# How Popular!



## wolfsnaps88 (Jan 2, 2012)

Labs, poodles, dachshunds, goldens, blah blah blah. Yeah, all great breeds. I agree. 

But what about Glen of Imaal terriers? Xoloitzcuintli? Tibetan Mastiff?

What breed would you like to see gain in popularity (something you could find in the newspaper, perhaps?)


----------



## swolek (Mar 31, 2011)

I wouldn't wish popularity on any of my favorites since that usually leads to over-breeding, milling, etc. for those breeds . It already happened to my beloved Cocker Spaniels...there are tons of poorly bred Cockers out there with all sorts of issues.

I love Tamaskan Dogs, Irish Water Spaniels, Russian Toy Terriers, Field Spaniels, and numerous other uncommon/rare breeds . But rareness has kept them healthier than the more "mainstream" dogs.


----------



## Sprocket (Oct 4, 2011)

I wish popularity on no breed.

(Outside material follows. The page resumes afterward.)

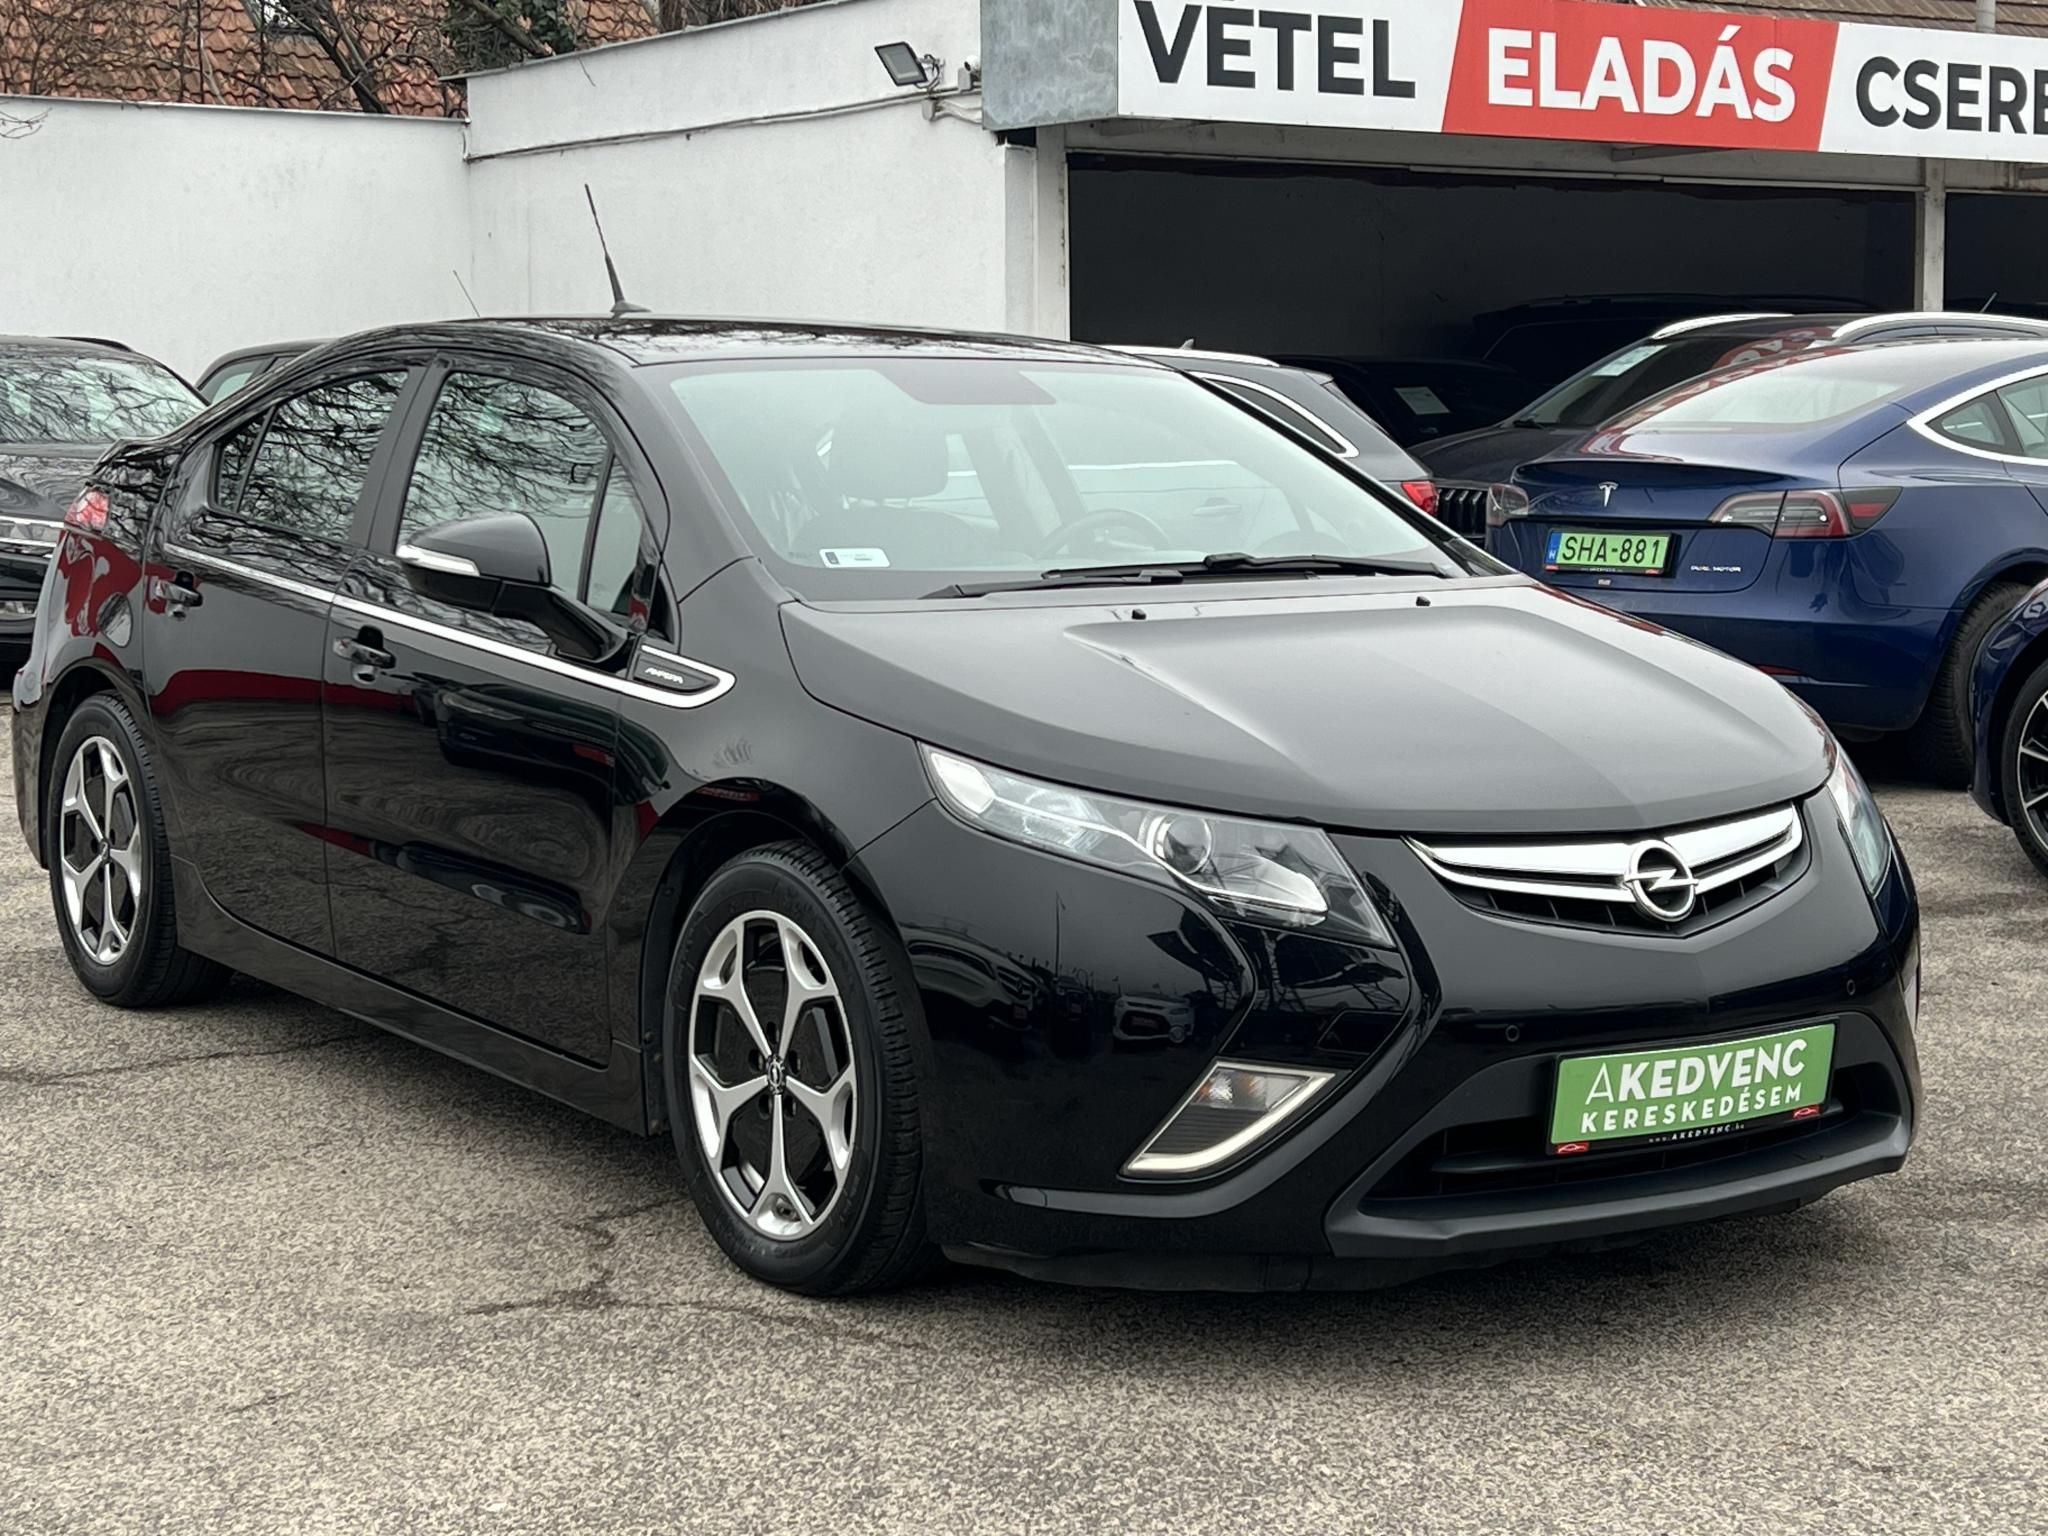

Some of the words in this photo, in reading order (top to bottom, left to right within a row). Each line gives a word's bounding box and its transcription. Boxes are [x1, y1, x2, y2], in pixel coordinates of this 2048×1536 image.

[1488, 25, 1796, 122] ELADÁS
[1562, 536, 1661, 564] SHA-881
[1581, 1082, 1801, 1133] KERESKEDÉSEM

It does nothing good for them. Unless its a super rare breed but that's the only exception.


----------



## wolfsnaps88 (Jan 2, 2012)

So you want mutts?


----------



## Scarlett_O' (May 19, 2011)

I TOTALLY and fully agree with Swolek and Emily.....I would NEVER wish popularity on any of my favorite breeds! 

I said nearly the same thing on the AKC post about popularity of different breeds.....I HATE the popularity of some of my breeds, sooo glad they aren't any higher up on "the list"!!:wacko:


Look at what has happened to dauchsunds, GSDs, Goldies, Labs, etc. 



Oh ya.....and no puppy should be bought out of a newspaper.


----------



## danecolor (Nov 22, 2010)

i agree with the others, i would be more excited if my favorites started to decline in popularity. a day when i don't see great dane puppies advertised in the paper is a good day.

i do like some of the more exotic sighthounds, but i hope they stay uncommon.


----------



## wolfsnaps88 (Jan 2, 2012)

Perhaps I am coming off wrong? I am not saying I condone puppy mills and want them to start cranking out tasmaskan dogs left and right. This is hypothetically speaking. Or maybe should have asked your favorite rare breed?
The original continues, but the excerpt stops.